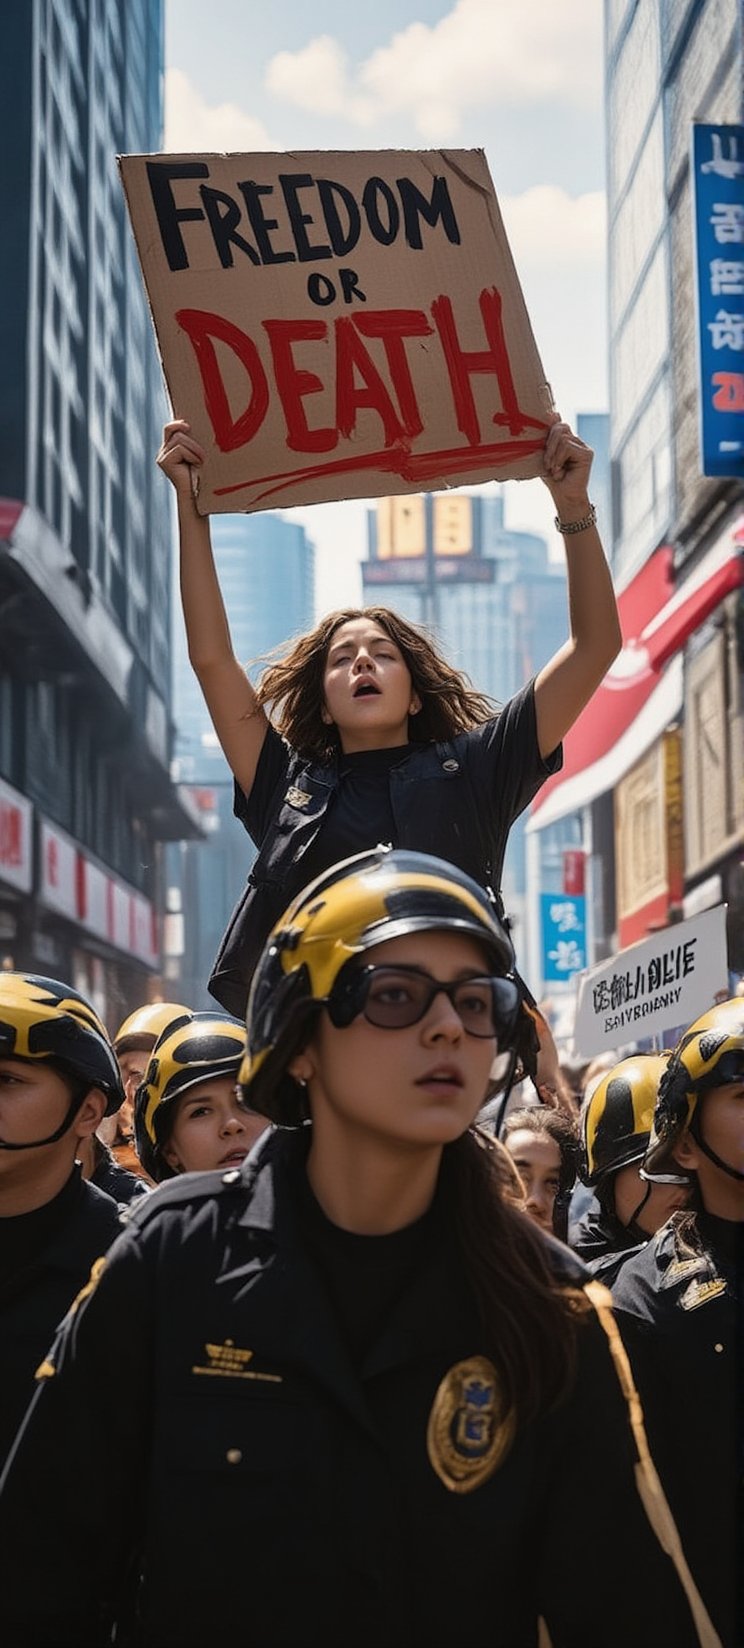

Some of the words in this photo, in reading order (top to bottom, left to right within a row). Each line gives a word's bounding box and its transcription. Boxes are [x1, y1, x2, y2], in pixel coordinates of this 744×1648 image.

[146, 161, 461, 272] FREEDOM
[307, 268, 367, 306] OR
[175, 286, 545, 454] DEATH
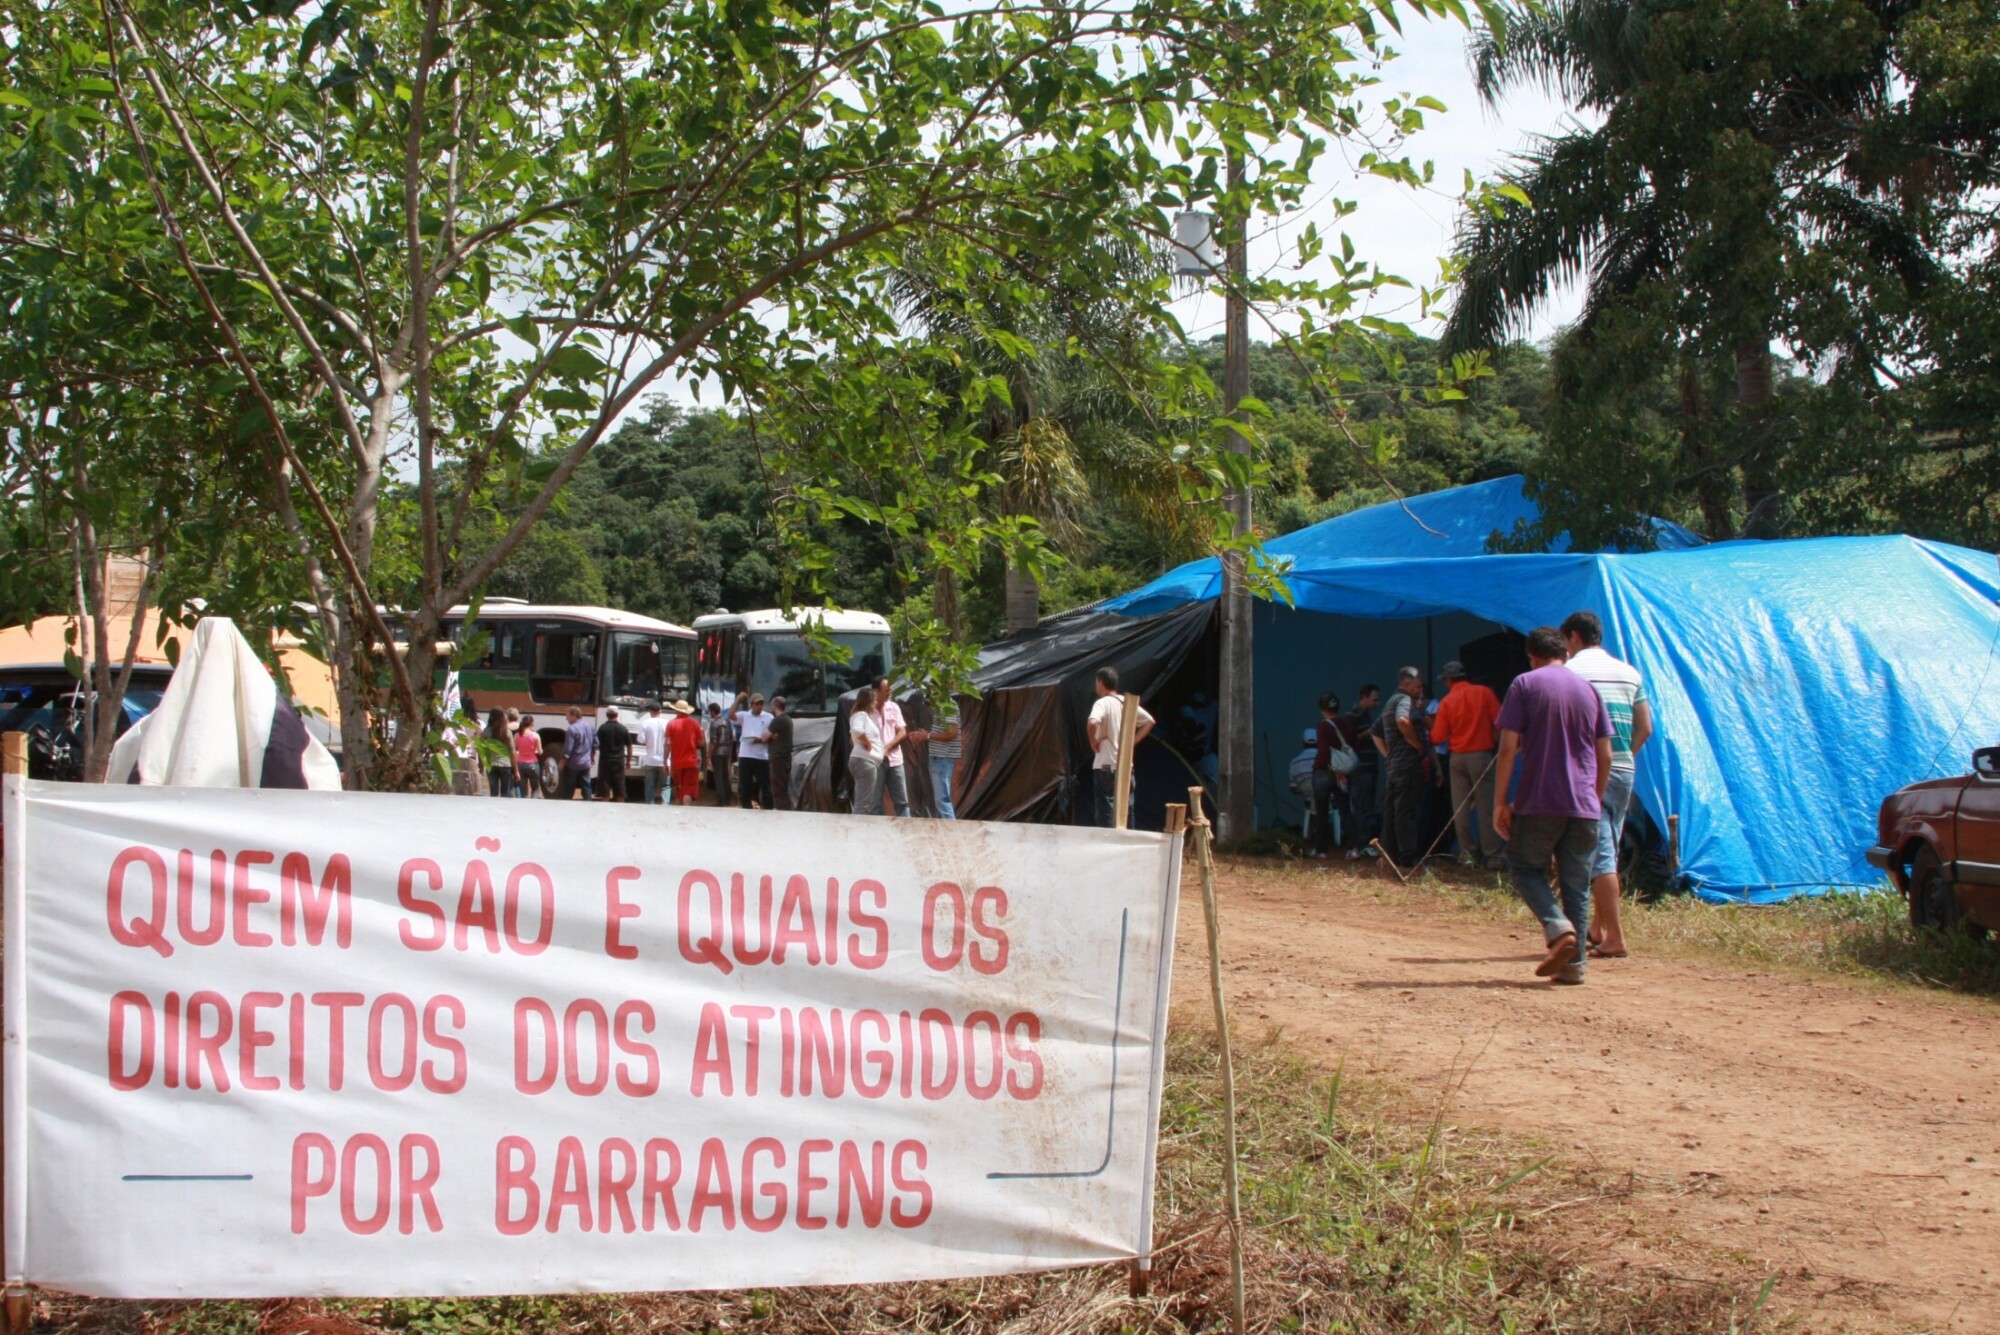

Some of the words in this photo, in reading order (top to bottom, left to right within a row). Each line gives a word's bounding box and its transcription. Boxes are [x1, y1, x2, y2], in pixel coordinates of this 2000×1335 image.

[108, 847, 351, 957] QUEM
[399, 837, 554, 954] SÃO
[606, 867, 640, 959] E
[679, 870, 888, 974] QUAIS
[923, 882, 1010, 975] OS
[109, 990, 466, 1093] DIREITOS
[515, 997, 659, 1097] DOS
[693, 1004, 1044, 1100] ATINGIDOS
[292, 1133, 443, 1234] POR
[496, 1136, 932, 1235] BARRAGENS
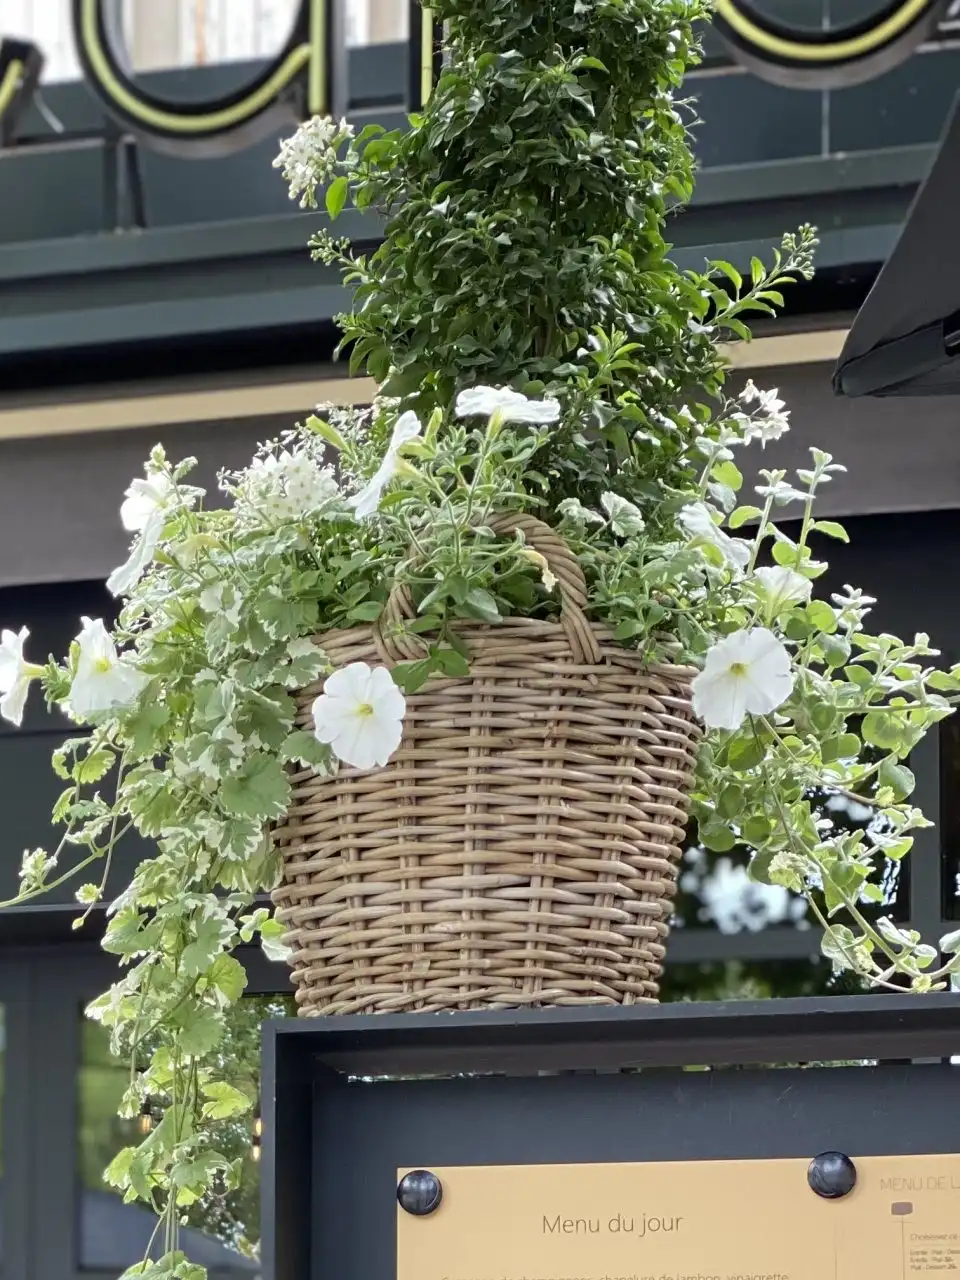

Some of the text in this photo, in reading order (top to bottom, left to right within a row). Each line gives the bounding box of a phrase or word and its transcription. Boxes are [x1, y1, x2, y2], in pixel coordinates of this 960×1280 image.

[541, 1212, 685, 1238] Menu du jour
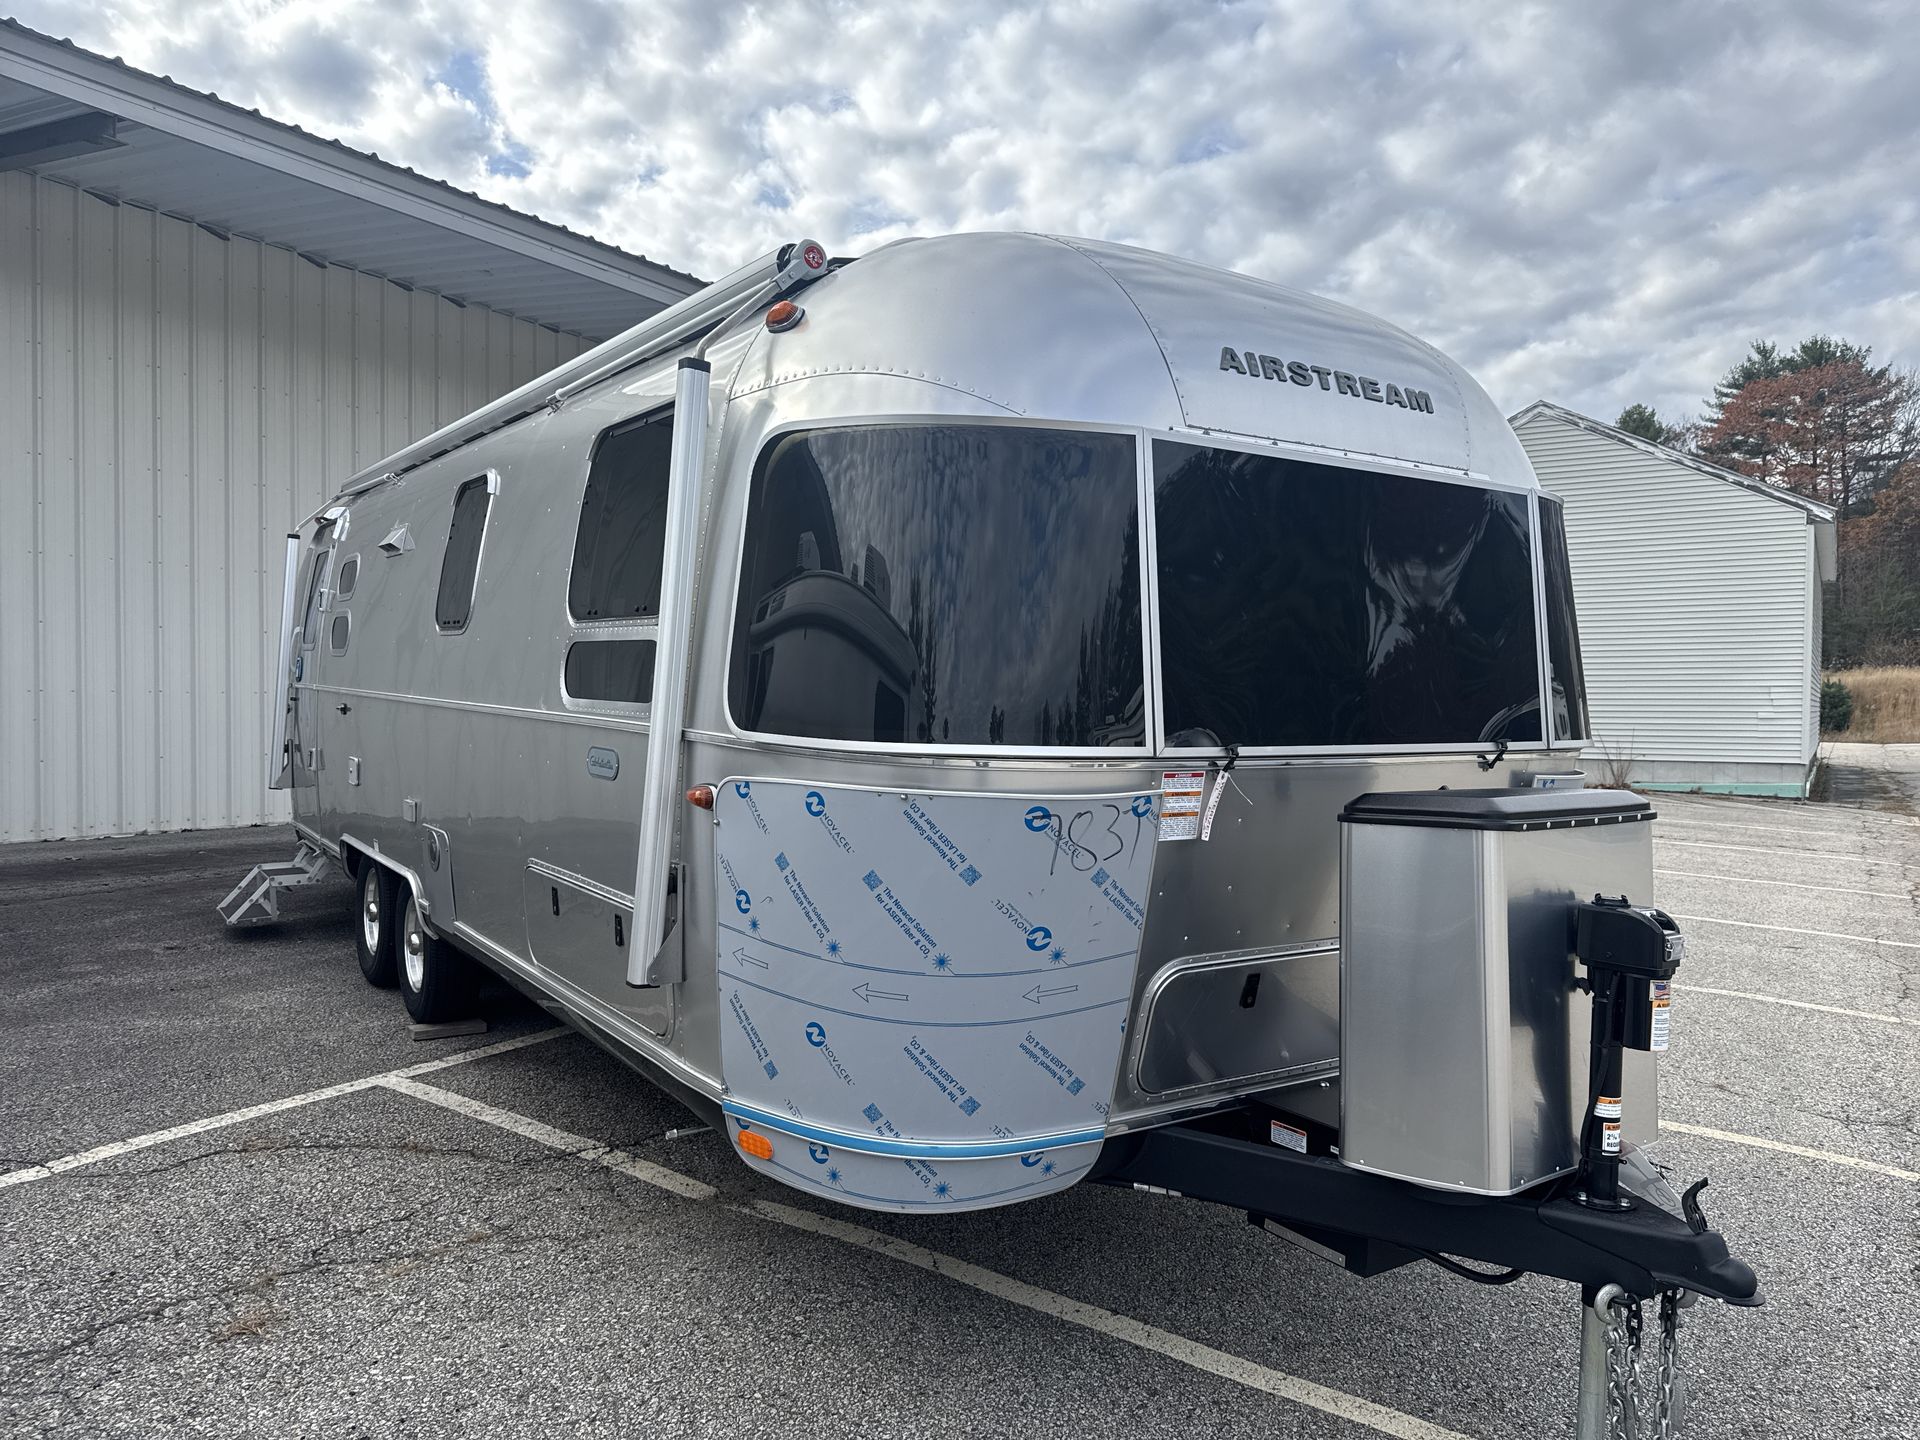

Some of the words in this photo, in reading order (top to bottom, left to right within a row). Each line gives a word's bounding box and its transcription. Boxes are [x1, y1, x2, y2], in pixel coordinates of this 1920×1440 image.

____________

■ **Your assignment**: Every line above should be printed again word for word, without its pictures.

■ **Output**:
Some of the words in this photo, in reading order (top to bottom, left to right within a row). Each line gives a word's bounding box and its transcription. Boxes are [x1, y1, x2, y2], in pixel coordinates of this 744×1648 image.

[146, 161, 461, 272] FREEDOM
[307, 268, 367, 306] OR
[175, 286, 545, 454] DEATH

Some of the words in this photo, in reading order (top to bottom, left to right within a row). Each line gives a word's bounding box and its transcription. Boxes are [x1, y1, x2, y2], in pixel coordinates of this 2000×1335 image.

[108, 847, 351, 957] QUEM
[399, 837, 554, 954] SÃO
[606, 867, 640, 959] E
[679, 870, 888, 974] QUAIS
[923, 882, 1010, 975] OS
[109, 990, 466, 1093] DIREITOS
[515, 997, 659, 1097] DOS
[693, 1004, 1044, 1100] ATINGIDOS
[292, 1133, 443, 1234] POR
[496, 1136, 932, 1235] BARRAGENS

Some of the text in this photo, in reading order (top to bottom, left to right within a row). Each line gives the bounding box of a phrase or word and its transcription. Boxes are [x1, y1, x2, y2], in pixel coordinates of this 960×1280 image.

[541, 1212, 685, 1238] Menu du jour

Some of the words in this photo, in reading order (top to bottom, left to right within a row). Each line gives a word's bounding box and its transcription. Boxes are [x1, y1, x2, y2], in pixel coordinates of this 1920×1440 image.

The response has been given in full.